* **TASK INSTRUCTIONS**:
Beginning with the first entry, set down each one exactly as shown.

==========

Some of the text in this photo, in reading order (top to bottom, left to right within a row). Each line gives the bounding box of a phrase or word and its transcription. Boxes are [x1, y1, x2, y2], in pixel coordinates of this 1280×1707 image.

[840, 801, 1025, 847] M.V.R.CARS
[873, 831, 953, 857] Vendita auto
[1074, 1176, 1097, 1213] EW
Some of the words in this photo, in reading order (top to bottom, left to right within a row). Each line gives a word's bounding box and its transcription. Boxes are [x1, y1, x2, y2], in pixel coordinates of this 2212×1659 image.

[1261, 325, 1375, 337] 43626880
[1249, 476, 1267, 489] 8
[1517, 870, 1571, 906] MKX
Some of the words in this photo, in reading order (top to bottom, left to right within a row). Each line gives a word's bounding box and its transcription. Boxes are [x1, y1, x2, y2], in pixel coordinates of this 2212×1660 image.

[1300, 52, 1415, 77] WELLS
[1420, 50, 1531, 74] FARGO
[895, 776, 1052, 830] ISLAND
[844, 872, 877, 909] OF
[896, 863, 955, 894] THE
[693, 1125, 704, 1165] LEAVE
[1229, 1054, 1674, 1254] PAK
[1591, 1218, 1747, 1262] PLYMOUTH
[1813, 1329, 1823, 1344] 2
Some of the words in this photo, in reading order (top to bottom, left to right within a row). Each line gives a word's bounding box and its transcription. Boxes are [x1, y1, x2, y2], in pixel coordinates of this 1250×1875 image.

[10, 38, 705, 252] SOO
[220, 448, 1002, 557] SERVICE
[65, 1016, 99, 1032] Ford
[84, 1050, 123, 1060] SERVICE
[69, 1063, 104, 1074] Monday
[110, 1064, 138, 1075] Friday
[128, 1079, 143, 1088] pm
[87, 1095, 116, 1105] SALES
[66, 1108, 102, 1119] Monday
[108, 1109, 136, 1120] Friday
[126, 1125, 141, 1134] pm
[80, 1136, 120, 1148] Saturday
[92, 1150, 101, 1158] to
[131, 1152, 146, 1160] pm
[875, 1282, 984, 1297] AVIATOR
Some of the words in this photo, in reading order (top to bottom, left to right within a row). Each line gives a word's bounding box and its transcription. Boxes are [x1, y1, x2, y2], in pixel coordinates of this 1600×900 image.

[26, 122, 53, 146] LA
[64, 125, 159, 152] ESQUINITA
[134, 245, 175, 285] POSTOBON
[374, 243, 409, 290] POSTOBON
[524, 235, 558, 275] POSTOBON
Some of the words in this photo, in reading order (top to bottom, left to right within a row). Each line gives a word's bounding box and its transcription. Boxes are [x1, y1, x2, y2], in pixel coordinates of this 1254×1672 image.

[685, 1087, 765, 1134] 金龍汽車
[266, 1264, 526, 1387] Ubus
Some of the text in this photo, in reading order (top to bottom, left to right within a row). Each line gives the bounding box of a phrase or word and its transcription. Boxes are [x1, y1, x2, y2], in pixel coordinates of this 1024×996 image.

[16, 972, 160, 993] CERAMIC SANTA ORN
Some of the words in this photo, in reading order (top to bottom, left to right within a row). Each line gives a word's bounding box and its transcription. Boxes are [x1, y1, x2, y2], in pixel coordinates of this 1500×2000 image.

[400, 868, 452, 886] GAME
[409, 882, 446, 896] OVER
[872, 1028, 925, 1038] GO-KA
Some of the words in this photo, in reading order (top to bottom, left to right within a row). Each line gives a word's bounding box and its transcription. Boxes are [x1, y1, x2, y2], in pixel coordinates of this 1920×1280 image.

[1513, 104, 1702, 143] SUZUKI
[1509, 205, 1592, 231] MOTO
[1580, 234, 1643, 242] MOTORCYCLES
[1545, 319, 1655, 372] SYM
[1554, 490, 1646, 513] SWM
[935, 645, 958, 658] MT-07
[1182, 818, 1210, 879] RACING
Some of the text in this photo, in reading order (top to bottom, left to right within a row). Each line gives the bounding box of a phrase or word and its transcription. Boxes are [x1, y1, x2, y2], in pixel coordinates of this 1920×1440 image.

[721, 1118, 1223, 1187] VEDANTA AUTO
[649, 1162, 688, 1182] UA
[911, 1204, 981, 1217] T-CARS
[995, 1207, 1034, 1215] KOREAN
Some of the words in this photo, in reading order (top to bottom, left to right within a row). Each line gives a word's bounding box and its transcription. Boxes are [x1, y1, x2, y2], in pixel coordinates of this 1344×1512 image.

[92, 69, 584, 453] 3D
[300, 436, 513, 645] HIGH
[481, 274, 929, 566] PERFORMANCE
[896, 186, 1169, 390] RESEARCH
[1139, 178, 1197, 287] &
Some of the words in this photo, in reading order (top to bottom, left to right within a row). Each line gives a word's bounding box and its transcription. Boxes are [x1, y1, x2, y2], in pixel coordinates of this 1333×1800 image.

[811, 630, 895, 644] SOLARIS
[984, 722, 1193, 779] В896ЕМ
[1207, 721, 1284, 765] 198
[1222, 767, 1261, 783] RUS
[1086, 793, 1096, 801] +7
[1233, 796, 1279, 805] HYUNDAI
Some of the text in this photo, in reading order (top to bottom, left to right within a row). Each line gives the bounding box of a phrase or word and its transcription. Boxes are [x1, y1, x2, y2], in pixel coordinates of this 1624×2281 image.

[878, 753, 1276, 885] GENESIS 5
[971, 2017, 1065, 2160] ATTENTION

==========

* **OUTPUT FOR THIS EXERCISE**:
Some of the text in this photo, in reading order (top to bottom, left to right within a row). Each line gives the bounding box of a phrase or word and its transcription. Boxes are [x1, y1, x2, y2], in pixel coordinates of this 1280×1707 image.

[840, 801, 1025, 847] M.V.R.CARS
[873, 831, 953, 857] Vendita auto
[1074, 1176, 1097, 1213] EW
Some of the words in this photo, in reading order (top to bottom, left to right within a row). Each line gives a word's bounding box and its transcription. Boxes are [x1, y1, x2, y2], in pixel coordinates of this 2212×1659 image.

[1261, 325, 1375, 337] 43626880
[1249, 476, 1267, 489] 8
[1517, 870, 1571, 906] MKX
Some of the words in this photo, in reading order (top to bottom, left to right within a row). Each line gives a word's bounding box and its transcription. Boxes are [x1, y1, x2, y2], in pixel coordinates of this 2212×1660 image.

[1300, 52, 1415, 77] WELLS
[1420, 50, 1531, 74] FARGO
[895, 776, 1052, 830] ISLAND
[844, 872, 877, 909] OF
[896, 863, 955, 894] THE
[693, 1125, 704, 1165] LEAVE
[1229, 1054, 1674, 1254] PAK
[1591, 1218, 1747, 1262] PLYMOUTH
[1813, 1329, 1823, 1344] 2
Some of the words in this photo, in reading order (top to bottom, left to right within a row). Each line gives a word's bounding box and its transcription. Boxes are [x1, y1, x2, y2], in pixel coordinates of this 1250×1875 image.

[10, 38, 705, 252] SOO
[220, 448, 1002, 557] SERVICE
[65, 1016, 99, 1032] Ford
[84, 1050, 123, 1060] SERVICE
[69, 1063, 104, 1074] Monday
[110, 1064, 138, 1075] Friday
[128, 1079, 143, 1088] pm
[87, 1095, 116, 1105] SALES
[66, 1108, 102, 1119] Monday
[108, 1109, 136, 1120] Friday
[126, 1125, 141, 1134] pm
[80, 1136, 120, 1148] Saturday
[92, 1150, 101, 1158] to
[131, 1152, 146, 1160] pm
[875, 1282, 984, 1297] AVIATOR
Some of the words in this photo, in reading order (top to bottom, left to right within a row). Each line gives a word's bounding box and its transcription. Boxes are [x1, y1, x2, y2], in pixel coordinates of this 1600×900 image.

[26, 122, 53, 146] LA
[64, 125, 159, 152] ESQUINITA
[134, 245, 175, 285] POSTOBON
[374, 243, 409, 290] POSTOBON
[524, 235, 558, 275] POSTOBON
Some of the words in this photo, in reading order (top to bottom, left to right within a row). Each line gives a word's bounding box and its transcription. Boxes are [x1, y1, x2, y2], in pixel coordinates of this 1254×1672 image.

[685, 1087, 765, 1134] 金龍汽車
[266, 1264, 526, 1387] Ubus
Some of the text in this photo, in reading order (top to bottom, left to right within a row). Each line gives the bounding box of a phrase or word and its transcription. Boxes are [x1, y1, x2, y2], in pixel coordinates of this 1024×996 image.

[16, 972, 160, 993] CERAMIC SANTA ORN
Some of the words in this photo, in reading order (top to bottom, left to right within a row). Each line gives a word's bounding box and its transcription. Boxes are [x1, y1, x2, y2], in pixel coordinates of this 1500×2000 image.

[400, 868, 452, 886] GAME
[409, 882, 446, 896] OVER
[872, 1028, 925, 1038] GO-KA
Some of the words in this photo, in reading order (top to bottom, left to right within a row). Each line gives a word's bounding box and its transcription. Boxes are [x1, y1, x2, y2], in pixel coordinates of this 1920×1280 image.

[1513, 104, 1702, 143] SUZUKI
[1509, 205, 1592, 231] MOTO
[1580, 234, 1643, 242] MOTORCYCLES
[1545, 319, 1655, 372] SYM
[1554, 490, 1646, 513] SWM
[935, 645, 958, 658] MT-07
[1182, 818, 1210, 879] RACING
Some of the text in this photo, in reading order (top to bottom, left to right within a row). Each line gives the bounding box of a phrase or word and its transcription. Boxes are [x1, y1, x2, y2], in pixel coordinates of this 1920×1440 image.

[721, 1118, 1223, 1187] VEDANTA AUTO
[649, 1162, 688, 1182] UA
[911, 1204, 981, 1217] T-CARS
[995, 1207, 1034, 1215] KOREAN
Some of the words in this photo, in reading order (top to bottom, left to right within a row). Each line gives a word's bounding box and its transcription. Boxes are [x1, y1, x2, y2], in pixel coordinates of this 1344×1512 image.

[92, 69, 584, 453] 3D
[300, 436, 513, 645] HIGH
[481, 274, 929, 566] PERFORMANCE
[896, 186, 1169, 390] RESEARCH
[1139, 178, 1197, 287] &
Some of the words in this photo, in reading order (top to bottom, left to right within a row). Each line gives a word's bounding box and its transcription. Boxes are [x1, y1, x2, y2], in pixel coordinates of this 1333×1800 image.

[811, 630, 895, 644] SOLARIS
[984, 722, 1193, 779] В896ЕМ
[1207, 721, 1284, 765] 198
[1222, 767, 1261, 783] RUS
[1086, 793, 1096, 801] +7
[1233, 796, 1279, 805] HYUNDAI
Some of the text in this photo, in reading order (top to bottom, left to right within a row). Each line gives the bounding box of a phrase or word and its transcription. Boxes are [x1, y1, x2, y2], in pixel coordinates of this 1624×2281 image.

[878, 753, 1276, 885] GENESIS 5
[971, 2017, 1065, 2160] ATTENTION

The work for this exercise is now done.